● **PROBLEM TO SOLVE**
Could you reproduce every record below exactly, excluding all pictures?

● **PROVIDED RECORDS**
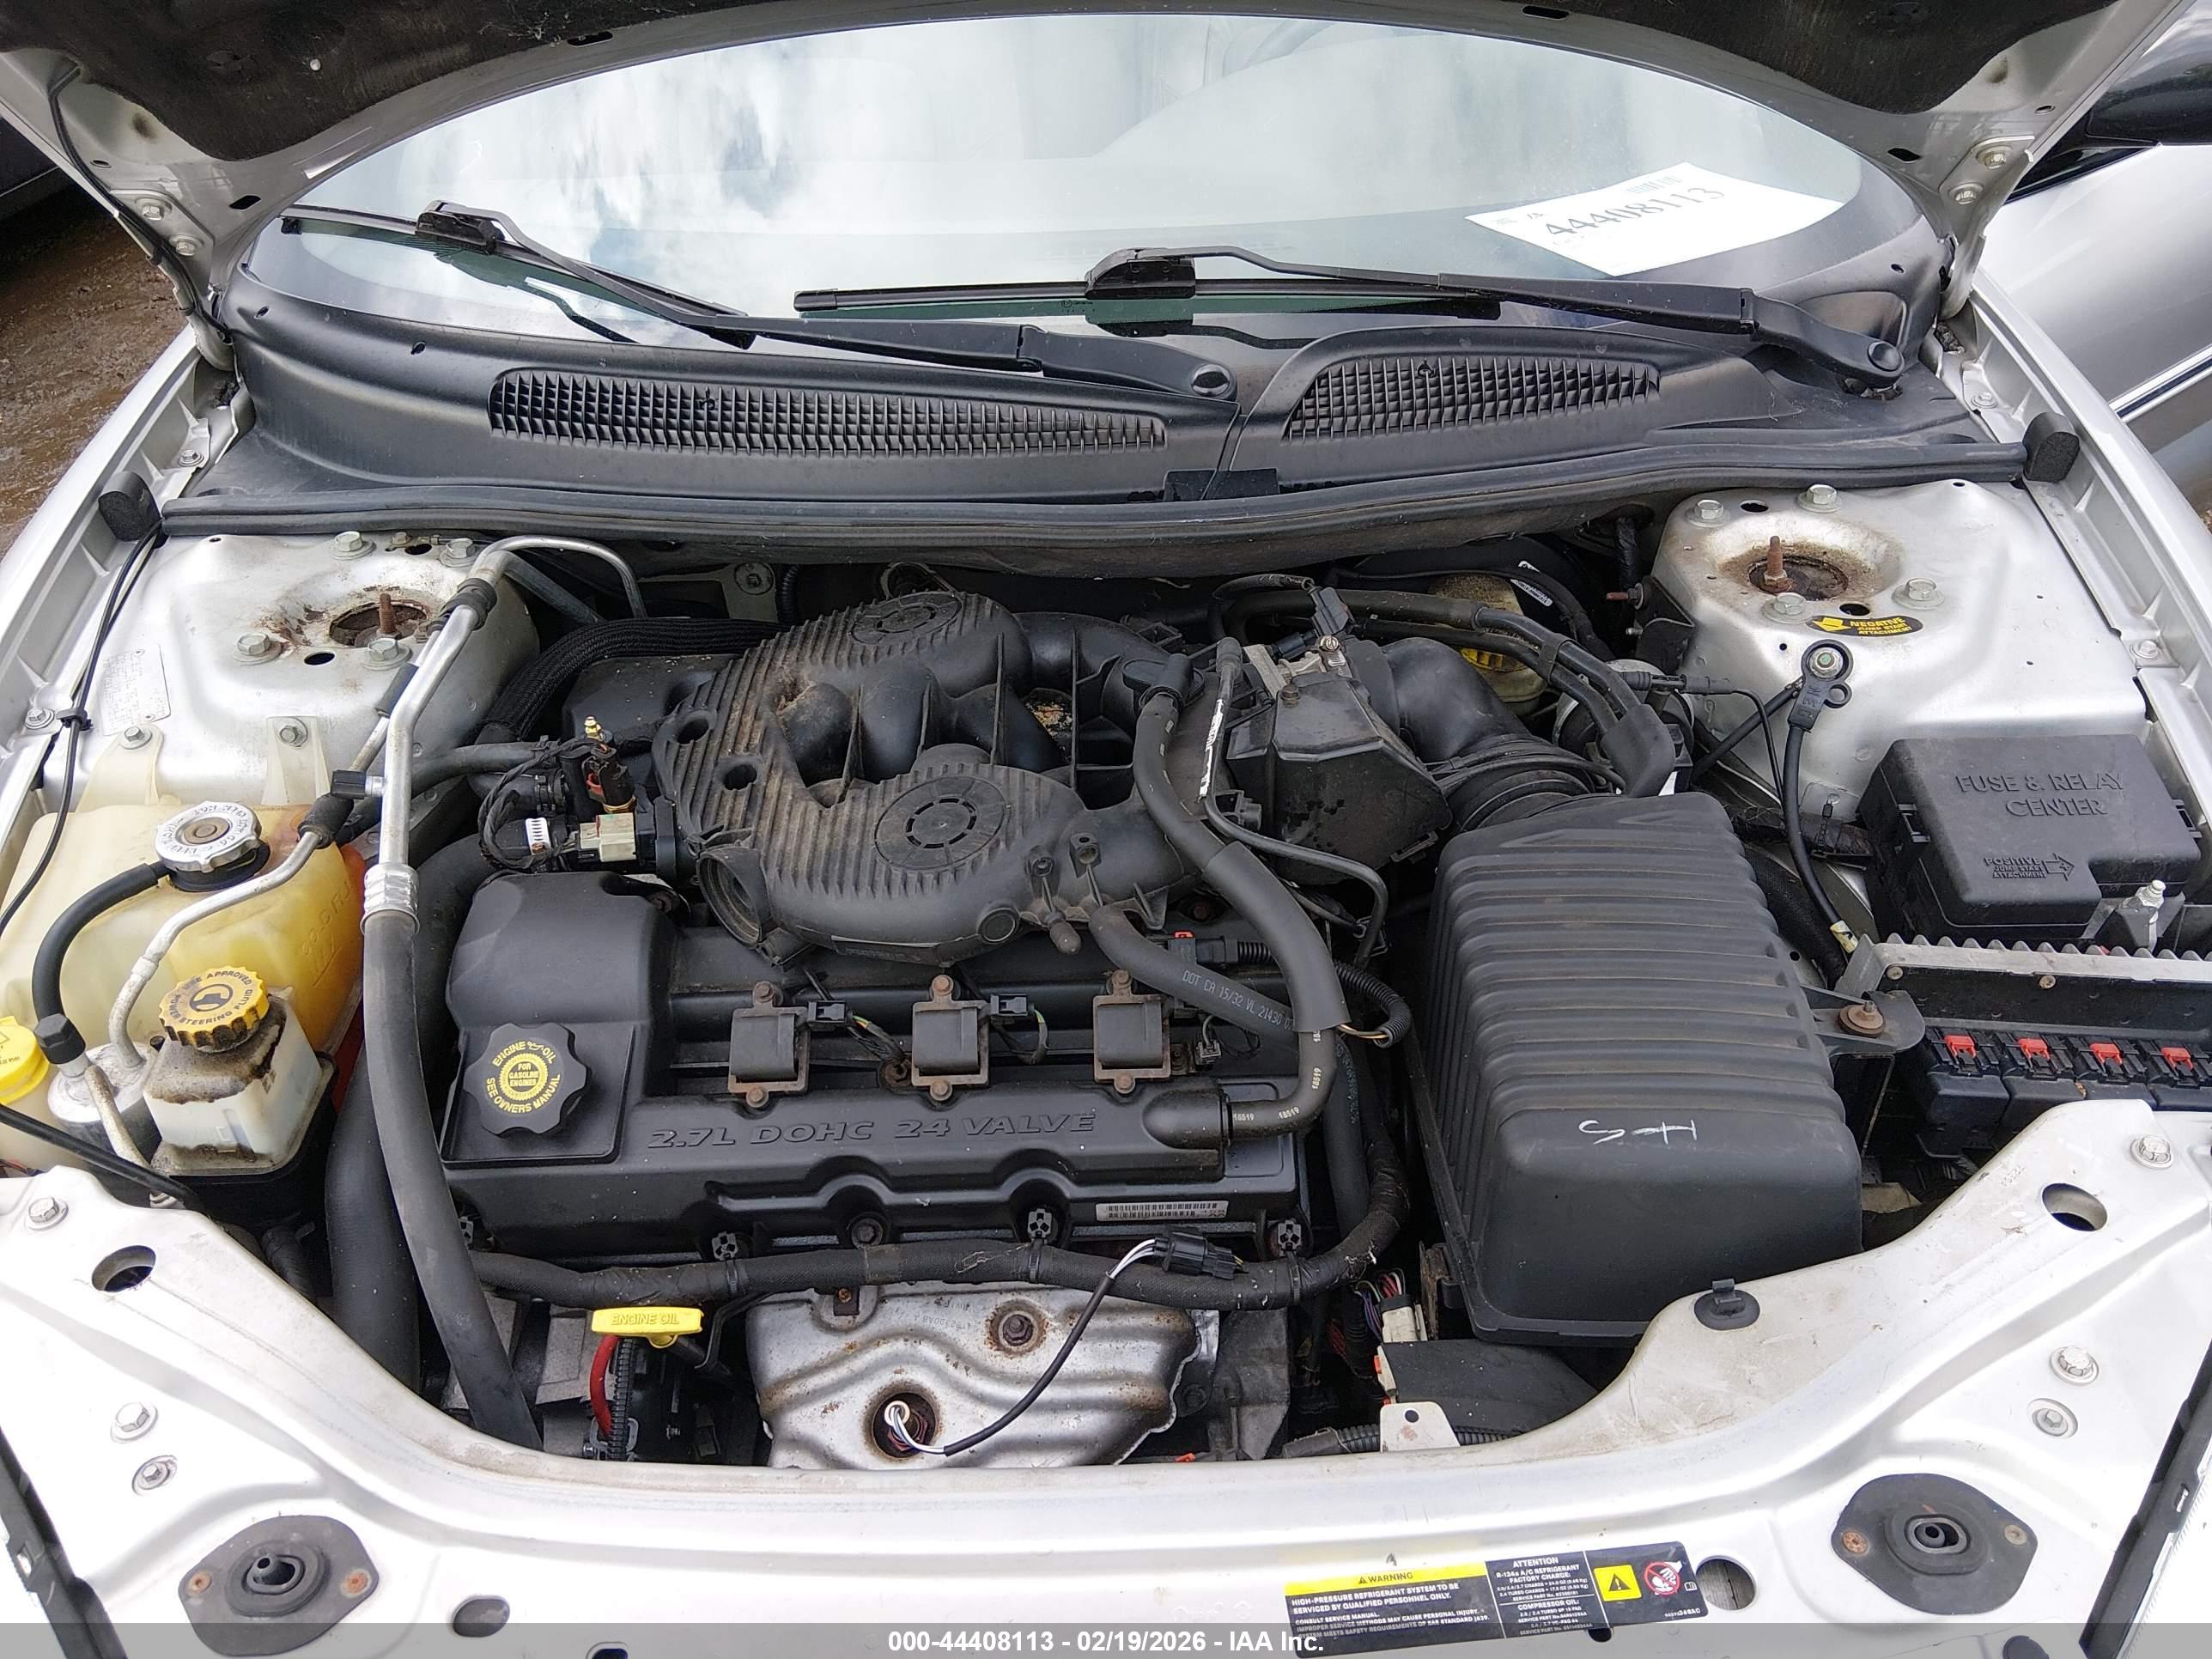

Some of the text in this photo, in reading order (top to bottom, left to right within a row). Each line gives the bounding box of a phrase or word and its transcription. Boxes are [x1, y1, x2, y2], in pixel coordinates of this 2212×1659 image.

[1546, 187, 1724, 235] 44408113
[1850, 617, 1905, 627] NEGATIVE
[1955, 773, 2123, 793] FUSE & RELAY
[2005, 798, 2108, 817] CENTER
[1984, 857, 2041, 866] POSITIVE
[206, 970, 252, 986] APPROVED
[1182, 969, 1201, 987] DOT
[168, 989, 253, 1025] POWER STEERING FLUID
[492, 1041, 556, 1066] ENGINE OIL
[508, 1071, 539, 1079] GASOLINE
[509, 1079, 537, 1087] ENGINES
[487, 1077, 499, 1098] SEE
[494, 1096, 532, 1114] OWNERS
[532, 1073, 561, 1109] MANUAL
[647, 1113, 1096, 1149] 2.7L DOHC 24 VALVE
[611, 1313, 679, 1326] ENGINE OIL
[1513, 1557, 1559, 1568] ATTENTION
[1534, 1565, 1580, 1575] REFRIGERANT
[1368, 1572, 1413, 1583] WARNING
[1510, 1575, 1540, 1583] FACTORY
[1291, 1593, 1353, 1606] HIGH-PRESSURE
[1354, 1588, 1406, 1601] REFRIGERANT
[1407, 1584, 1437, 1595] SYSTEM
[1292, 1606, 1330, 1614] SERVICED
[1342, 1600, 1382, 1610] QUALIFIED
[1384, 1595, 1430, 1605] PERSONNEL
[1517, 1601, 1565, 1610] COMPRESSOR
[1295, 1612, 1380, 1626] CONSULT SERVICE MANUAL.
[1297, 1624, 1329, 1632] IMPROPER
[1357, 1618, 1387, 1626] METHODS
[1423, 1611, 1455, 1620] PERSONAL
[1345, 1627, 1368, 1636] SAFETY
[1369, 1622, 1417, 1632] REQUIREMENTS

● **RESULT BELOW**
Some of the text in this photo, in reading order (top to bottom, left to right within a row). Each line gives the bounding box of a phrase or word and its transcription. Boxes are [x1, y1, x2, y2], in pixel coordinates of this 2212×1659 image.

[1546, 187, 1724, 235] 44408113
[1850, 617, 1905, 627] NEGATIVE
[1955, 773, 2123, 793] FUSE & RELAY
[2005, 798, 2108, 817] CENTER
[1984, 857, 2041, 866] POSITIVE
[206, 970, 252, 986] APPROVED
[1182, 969, 1201, 987] DOT
[168, 989, 253, 1025] POWER STEERING FLUID
[492, 1041, 556, 1066] ENGINE OIL
[508, 1071, 539, 1079] GASOLINE
[509, 1079, 537, 1087] ENGINES
[487, 1077, 499, 1098] SEE
[494, 1096, 532, 1114] OWNERS
[532, 1073, 561, 1109] MANUAL
[647, 1113, 1096, 1149] 2.7L DOHC 24 VALVE
[611, 1313, 679, 1326] ENGINE OIL
[1513, 1557, 1559, 1568] ATTENTION
[1534, 1565, 1580, 1575] REFRIGERANT
[1368, 1572, 1413, 1583] WARNING
[1510, 1575, 1540, 1583] FACTORY
[1291, 1593, 1353, 1606] HIGH-PRESSURE
[1354, 1588, 1406, 1601] REFRIGERANT
[1407, 1584, 1437, 1595] SYSTEM
[1292, 1606, 1330, 1614] SERVICED
[1342, 1600, 1382, 1610] QUALIFIED
[1384, 1595, 1430, 1605] PERSONNEL
[1517, 1601, 1565, 1610] COMPRESSOR
[1295, 1612, 1380, 1626] CONSULT SERVICE MANUAL.
[1297, 1624, 1329, 1632] IMPROPER
[1357, 1618, 1387, 1626] METHODS
[1423, 1611, 1455, 1620] PERSONAL
[1345, 1627, 1368, 1636] SAFETY
[1369, 1622, 1417, 1632] REQUIREMENTS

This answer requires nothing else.